Q: Let’s start with your time here in Okotoks. What comes to mind when you look back on your stay with the WMBL club?

A: Just a blast, I mean I had an absolute blast playing there. Obviously that organization and that league, it’s top-tier. It seems like with the stadium we had there and the staff and everything, it was one of the better college summer league experiences I ever had. So I mean that’s what I kind of think about it. It’s just how much fun I had that summer and the guys that I played with. I still talk to some of them today. It was just an awesome summer.

Q: Did you have any spots you frequented or memories in particular?

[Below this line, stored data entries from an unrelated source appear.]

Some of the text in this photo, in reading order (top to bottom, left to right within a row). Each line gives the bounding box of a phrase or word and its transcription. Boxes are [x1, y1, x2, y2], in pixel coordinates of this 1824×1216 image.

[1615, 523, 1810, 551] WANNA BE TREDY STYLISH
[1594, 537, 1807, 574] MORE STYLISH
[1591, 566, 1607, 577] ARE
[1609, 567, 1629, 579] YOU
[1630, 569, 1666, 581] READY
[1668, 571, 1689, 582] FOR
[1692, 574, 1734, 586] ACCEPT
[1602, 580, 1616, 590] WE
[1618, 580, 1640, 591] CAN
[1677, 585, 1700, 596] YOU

A: I’m a pretty laid-back guy so I didn’t have any routines or anything. The thing that sticks out to me when I picture Okotoks is the stadium there, I just remember it always being sunny and beautiful. I know that summer was pretty awesome as far as the weather goes. It just kind of reminded me of home a little bit. Spokane summers seem to be really similar to Okotoks summers. Those are things I remember when I try to picture Okotoks. The stadium, summer, beautiful, and a lot of my good memories are just off-days and whatnot hanging out with teammates and just enjoying Okotoks for what it is.

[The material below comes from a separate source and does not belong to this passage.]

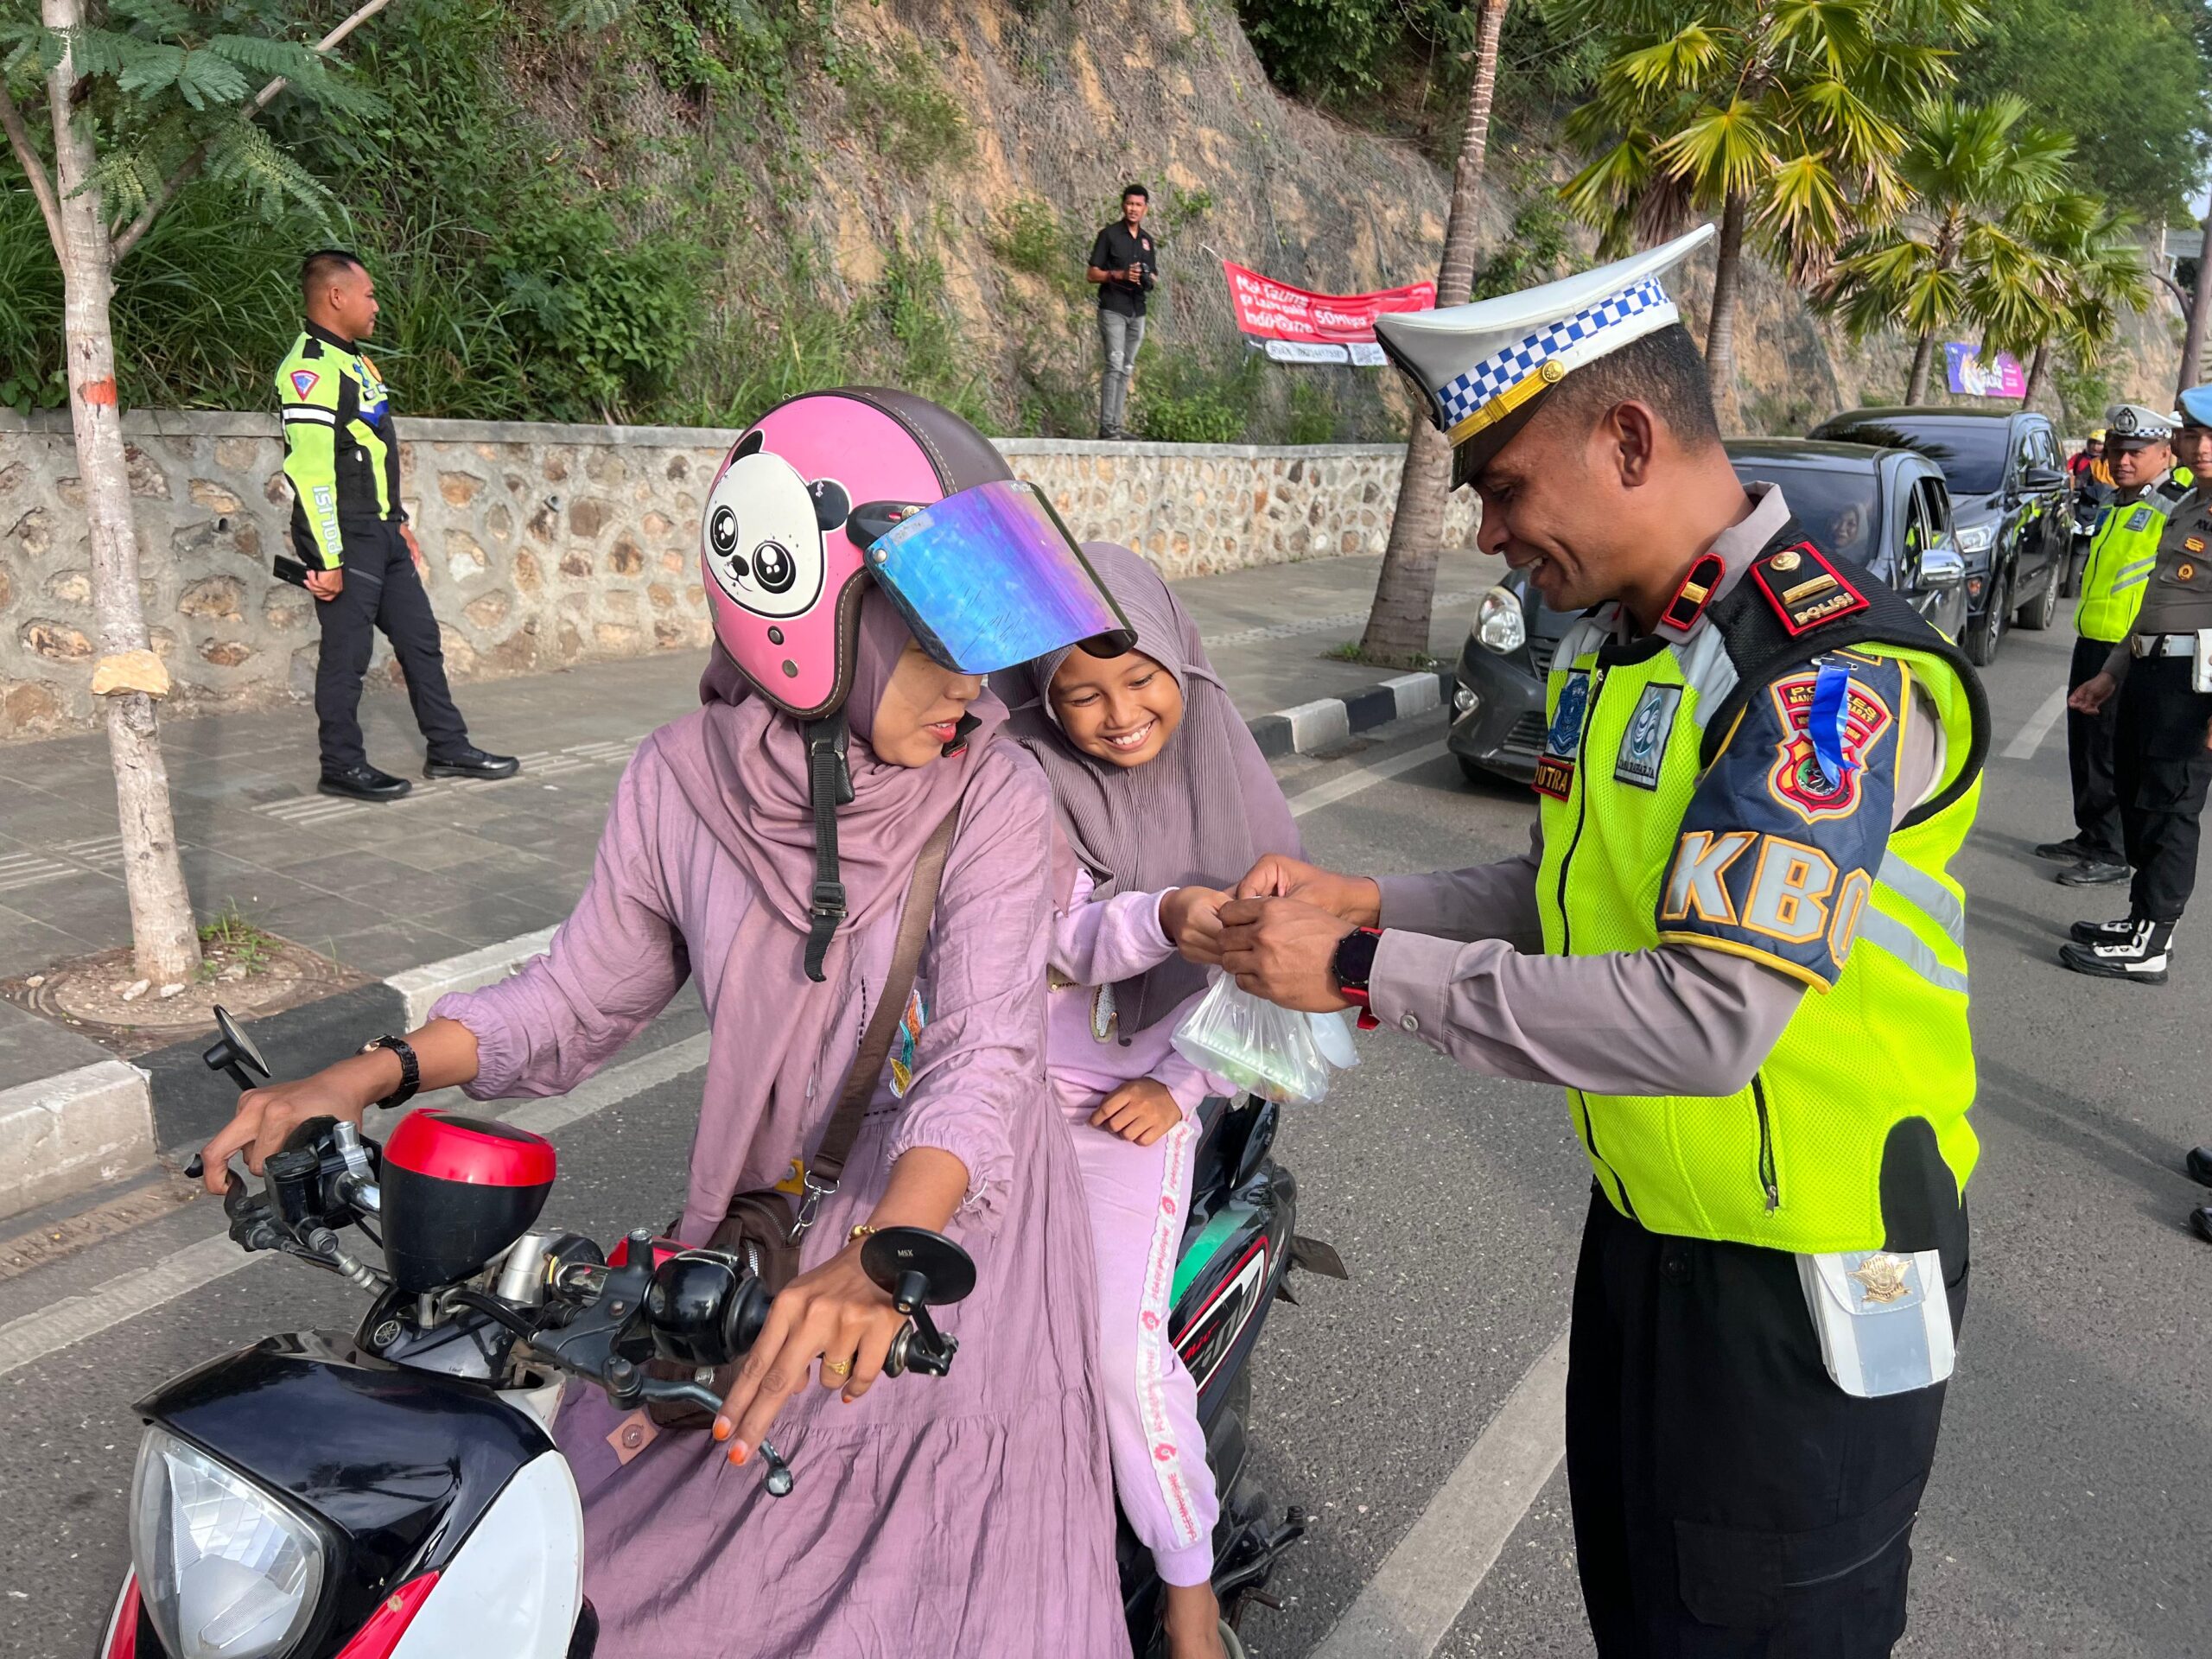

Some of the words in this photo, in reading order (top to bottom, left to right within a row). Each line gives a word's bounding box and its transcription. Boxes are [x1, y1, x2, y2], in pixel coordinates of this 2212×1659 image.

[312, 485, 344, 554] POLISI
[1794, 592, 1855, 626] POLISI
[1661, 830, 1872, 970] KBO

Q: Not quite the same as the spring we have seen so far with the winter weather sticking around for longer than we’d all hoped. But that seems to have been the case for everyone, even for you guys in the pros.

A: (laughs) Yeah, I mean obviously when we play here at Tropicana Field, it’s beautiful and 72 every day. But that first long roadtrip we went on it was cold everywhere we went. Boston, New York, Chicago were all frigid cold. But that’s a different element that you have to get used to. Especially playing in the northern half of the United States early on in the season, it’s going to be cold pretty much wherever you go. Growing up and playing in that environment kind of helped me a little bit but I also haven’t played regularly in it for a long time so it took a little bit to get adjusted to it. But we were all able to do a pretty good job of figuring out how to stay warm and be able to realize what it takes to get ready for that weather.

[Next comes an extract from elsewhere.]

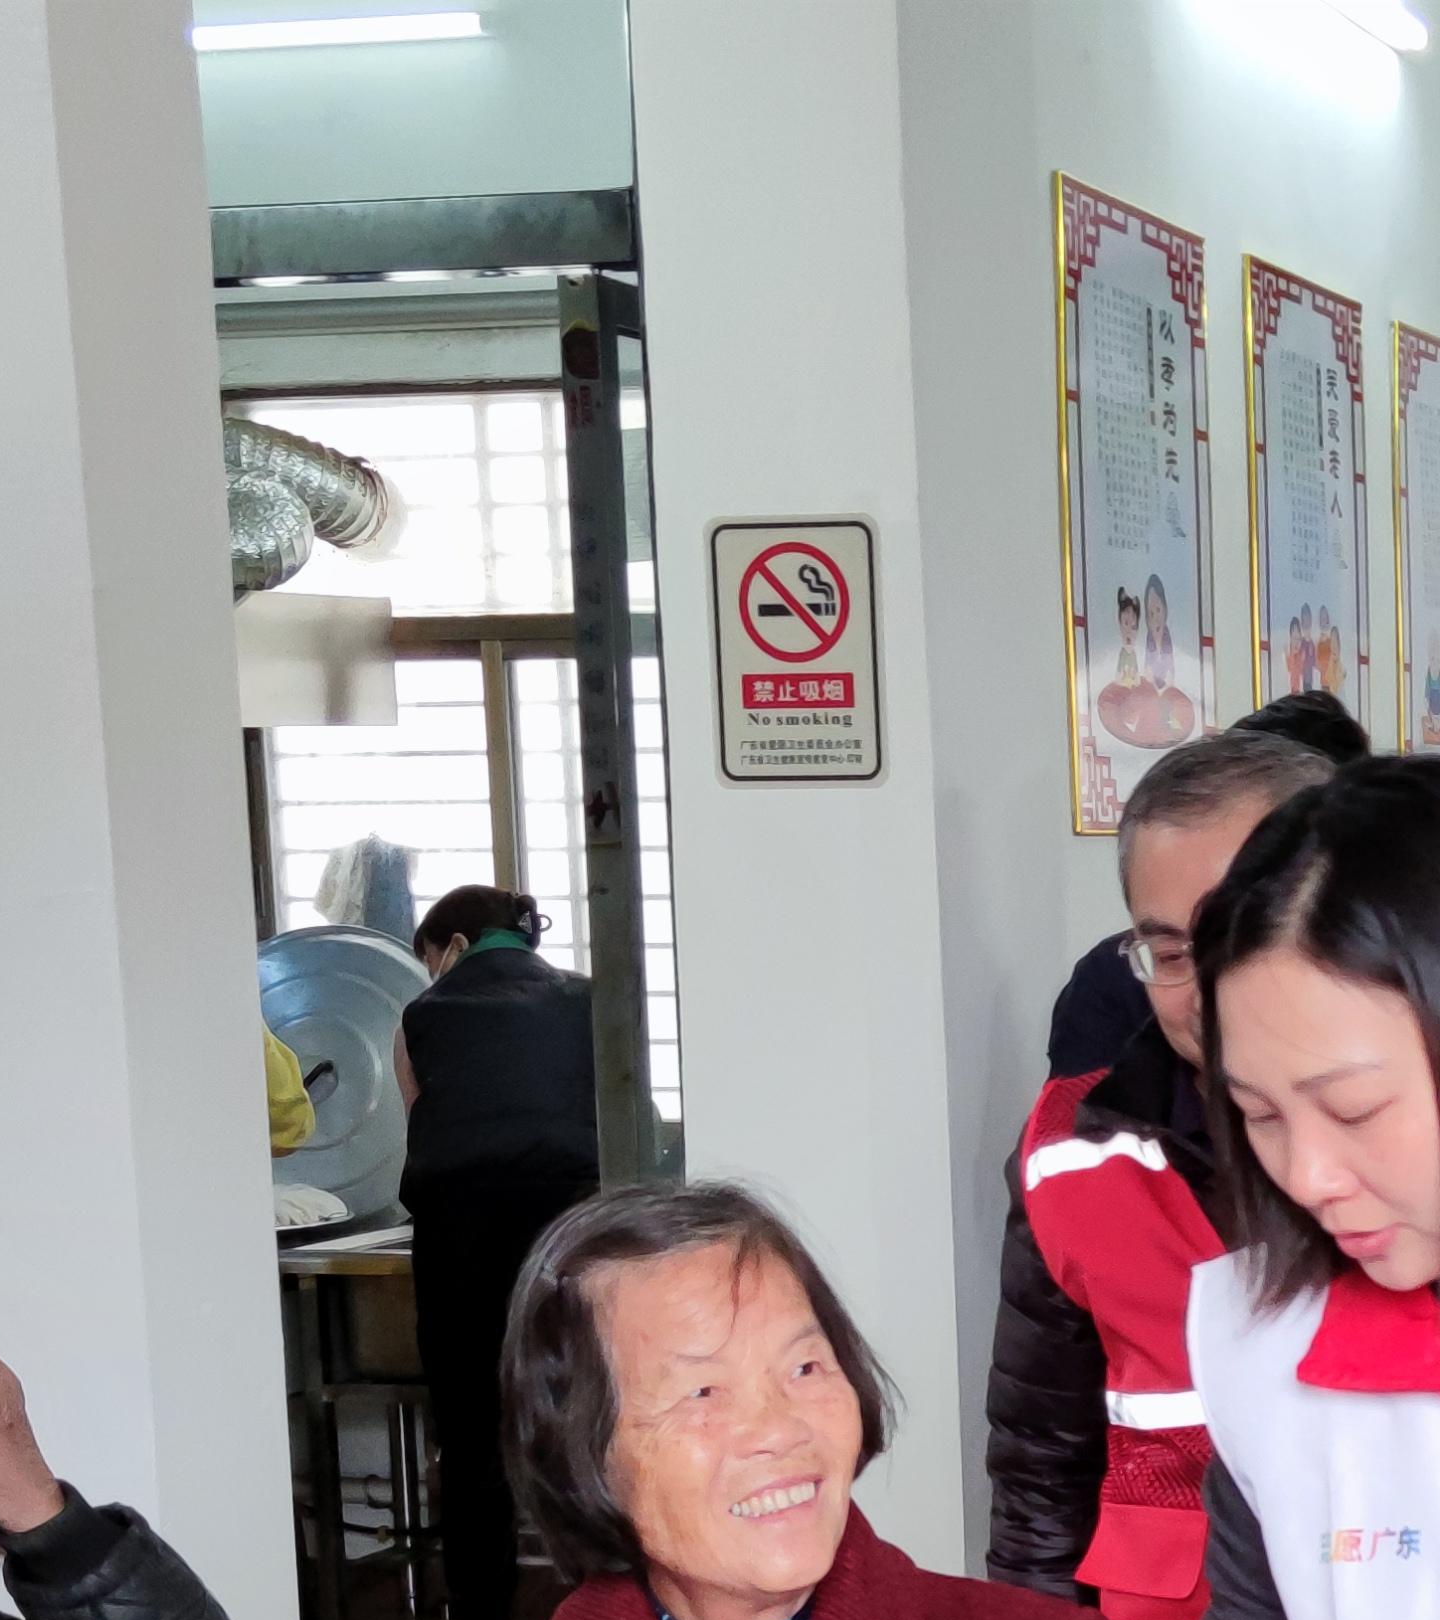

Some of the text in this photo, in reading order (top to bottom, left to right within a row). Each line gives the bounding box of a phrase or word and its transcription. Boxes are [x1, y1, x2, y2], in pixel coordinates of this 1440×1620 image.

[753, 680, 845, 702] 禁止吸烟
[745, 712, 853, 728] No smoking

Q: Speaking of growing up and being from the northern half of the US, I’m curious how a Spokane kid who has been drafted into the MLB already somehow managed to find themselves in Alberta. How did that come about?

A: It’s kind of an interesting thing. It was kind of in my transition as I had just left the University of Washington baseball program and was gonna play at Lewis and Clark State and since I hadn’t played that spring, L&C State was just trying to find me a place to play that summer and they had a connection through, I think it was Brandon Newell, the manager at the time and it just kind of worked out. They had a spot for me and being that Spokane wasn’t too far away, it was convenient for me with the location and everything.

Q: When you were in Okotoks, you started as a starter and by the end you were in the bullpen. That transition seems to have come in handy for you now with what you’re doing in Tampa. How did that help you prepare for this versatility you’ve had in your career?

A: Yeah, I definitely think it helped. That was kind of the first time in my playing career at any level where I really threw out of the bullpen. In high school and Little League, you just pitch whenever they ask you to pitch. I had been a starter my whole college career at that point. But it was just something in Okotoks where we had a lot of good starters heading into playoffs and we weren’t going to use a five-man rotation so they asked me if I wanted to move to the ‘pen for the playoffs.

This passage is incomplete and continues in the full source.